Post-transplant obesity is a common complication after kidney transplantation, largely attributed to recovery from uremia, increased appetite, sedentary lifestyle, and long-term corticosteroid exposure. Obesity in kidney transplant recipients increases the risk of cardiovascular disease, post-transplant diabetes mellitus (PTDM), and may contribute to graft injury through hyperfiltration-related mechanisms, potentially leading to reduced graft survival. Current approaches for weight management in transplant recipients, including lifestyle modification, are often insufficient, while bariatric surgery carries considerable risks and concerns regarding altered absorption of immunosuppressive medications.
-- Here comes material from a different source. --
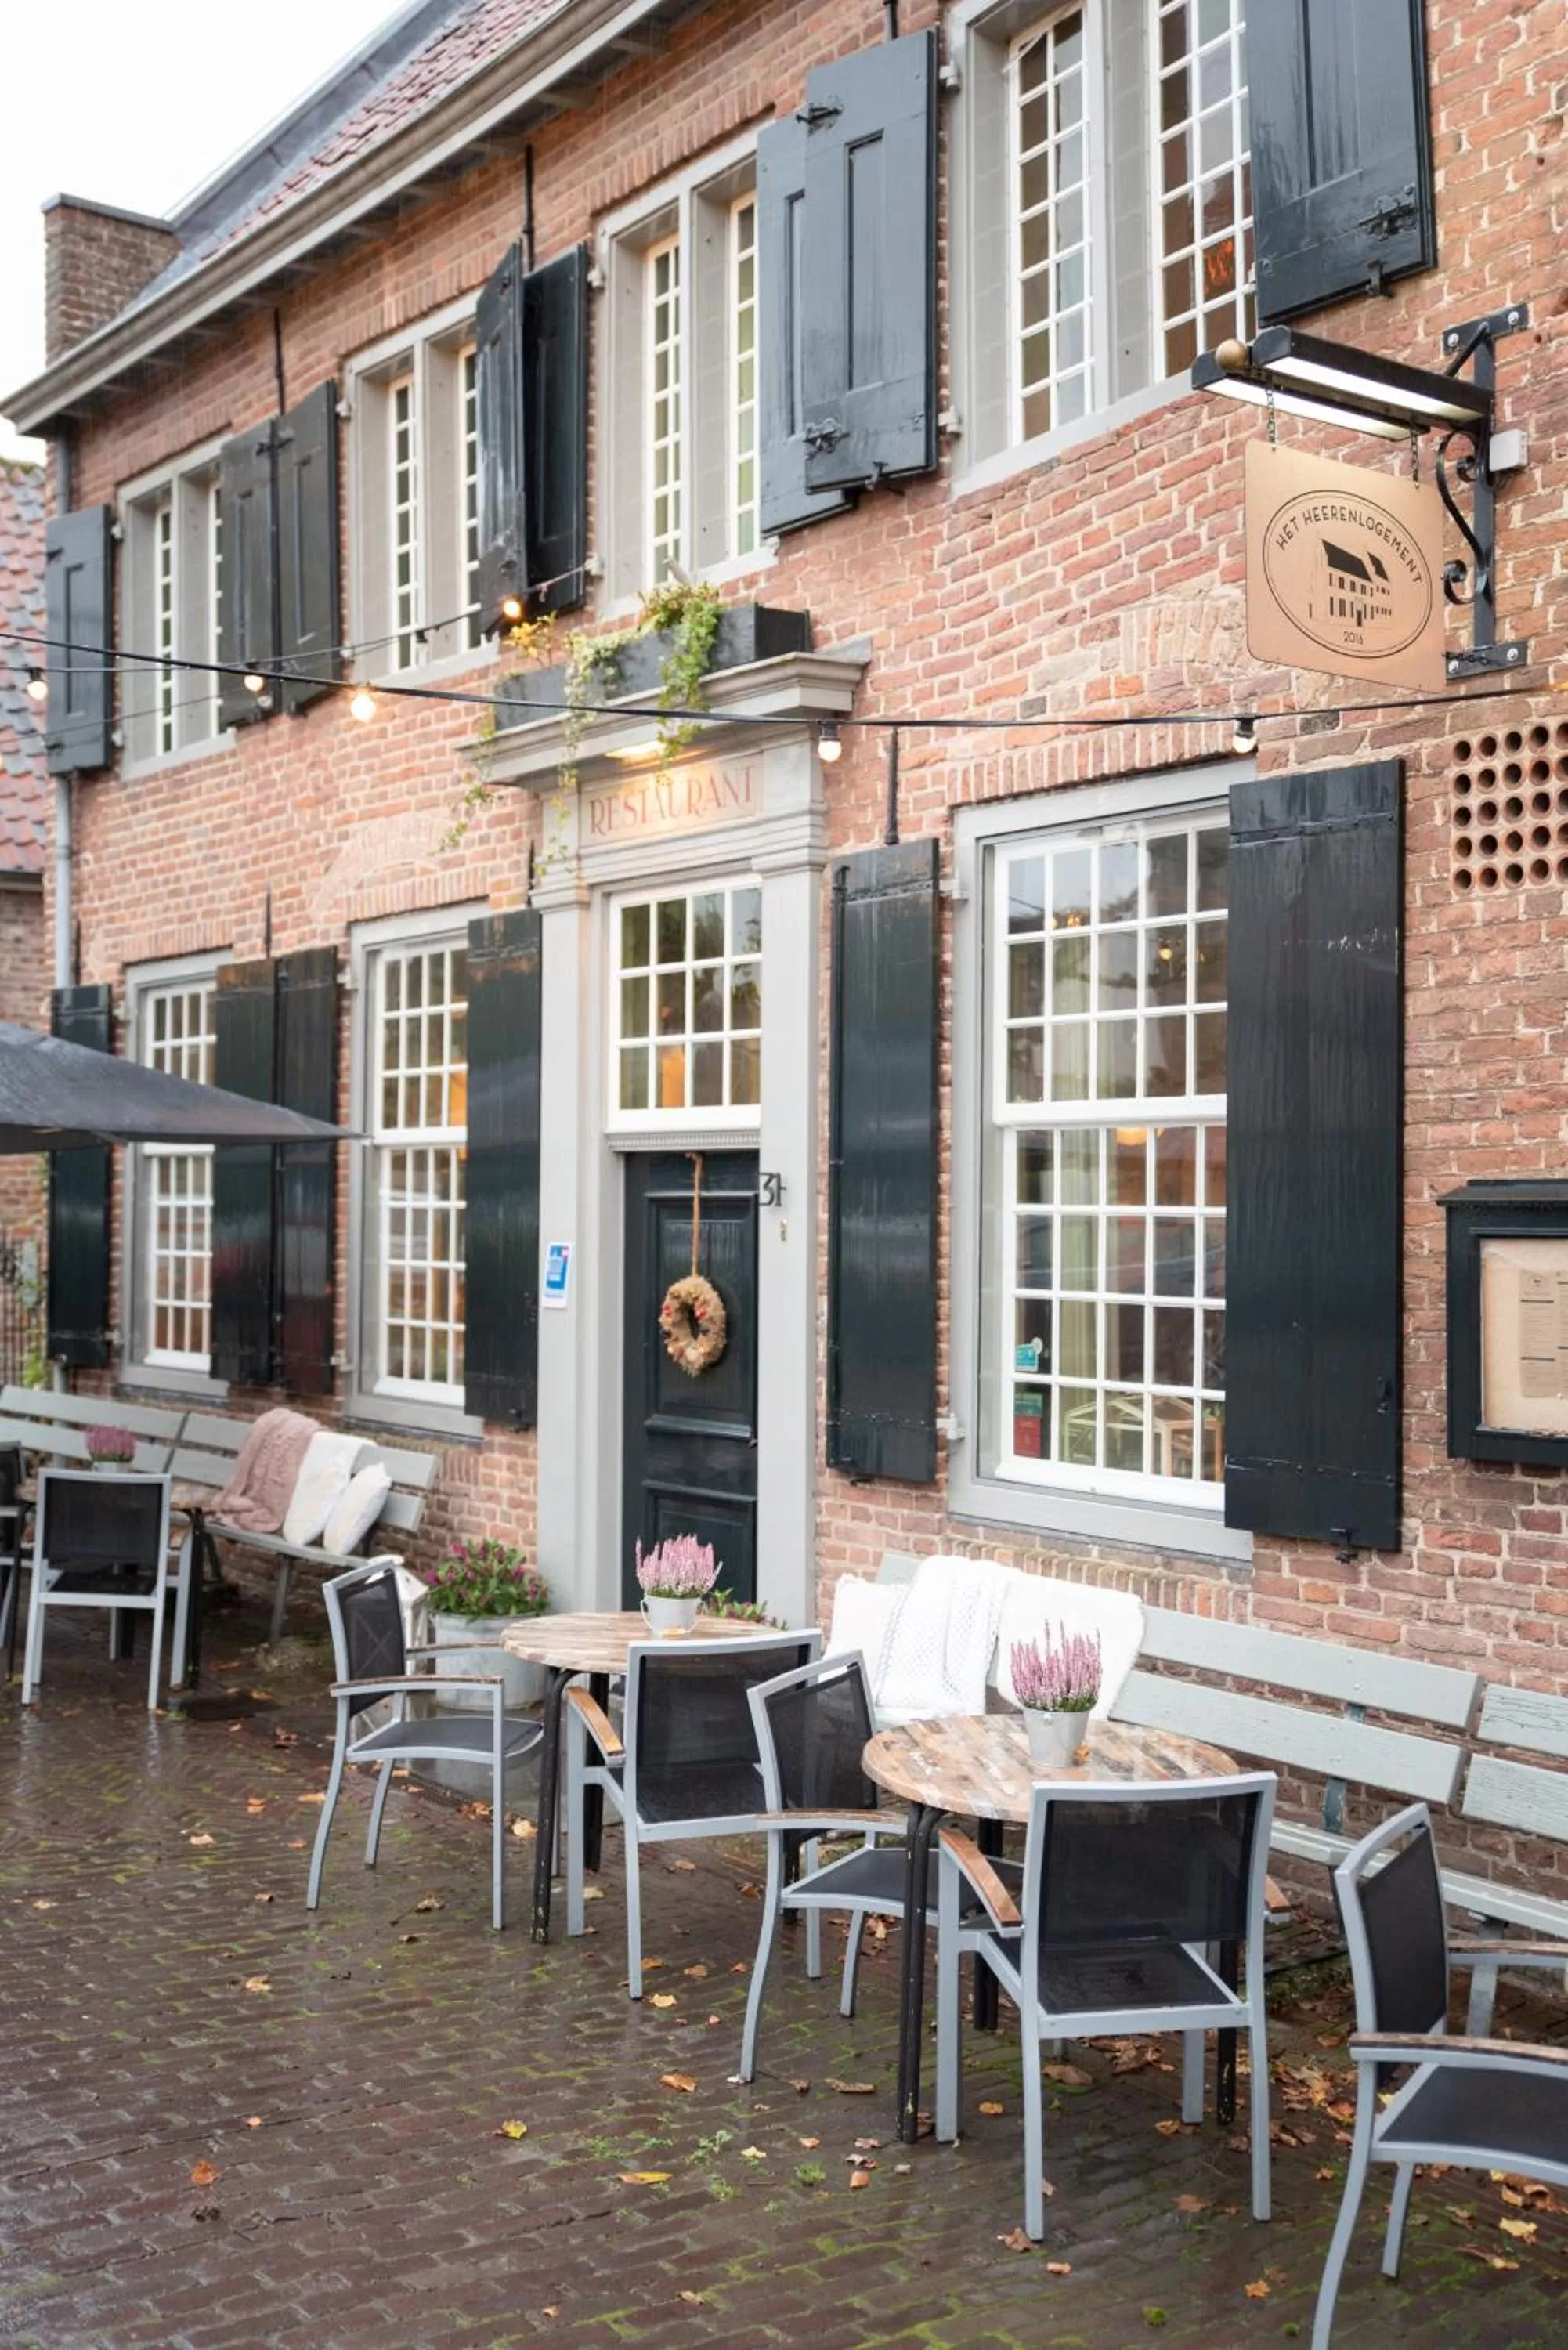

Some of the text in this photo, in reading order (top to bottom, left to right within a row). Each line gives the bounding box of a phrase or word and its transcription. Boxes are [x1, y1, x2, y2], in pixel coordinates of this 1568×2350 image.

[1276, 505, 1423, 584] HET HEERENLOGEMENT
[589, 766, 754, 836] RESTAURANT
Tirzepatide (Iranian brand name: Spartina), the first dual agonist of glucose-dependent insulinotropic polypeptide (GIP) and glucagon-like peptide-1 (GLP-1) receptors, has demonstrated superior effects on weight reduction and glycemic control compared with earlier GLP-1 receptor agonists in the general population. However, its use in kidney transplant recipients requires careful evaluation due to potential gastrointestinal adverse effects, dehydration risk, and possible interaction with calcineurin inhibitor absorption caused by delayed gastric emptying. This prospective single-arm pilot clinical trial aims to assess the preliminary safety and efficacy of tirzepatide in obese kidney transplant recipients with stable graft function. Outcomes include changes in anthropometric indices, percent weight change, gastrointestinal tolerability, immunosuppressive drug trough levels, and graft function over 24 weeks of treatment.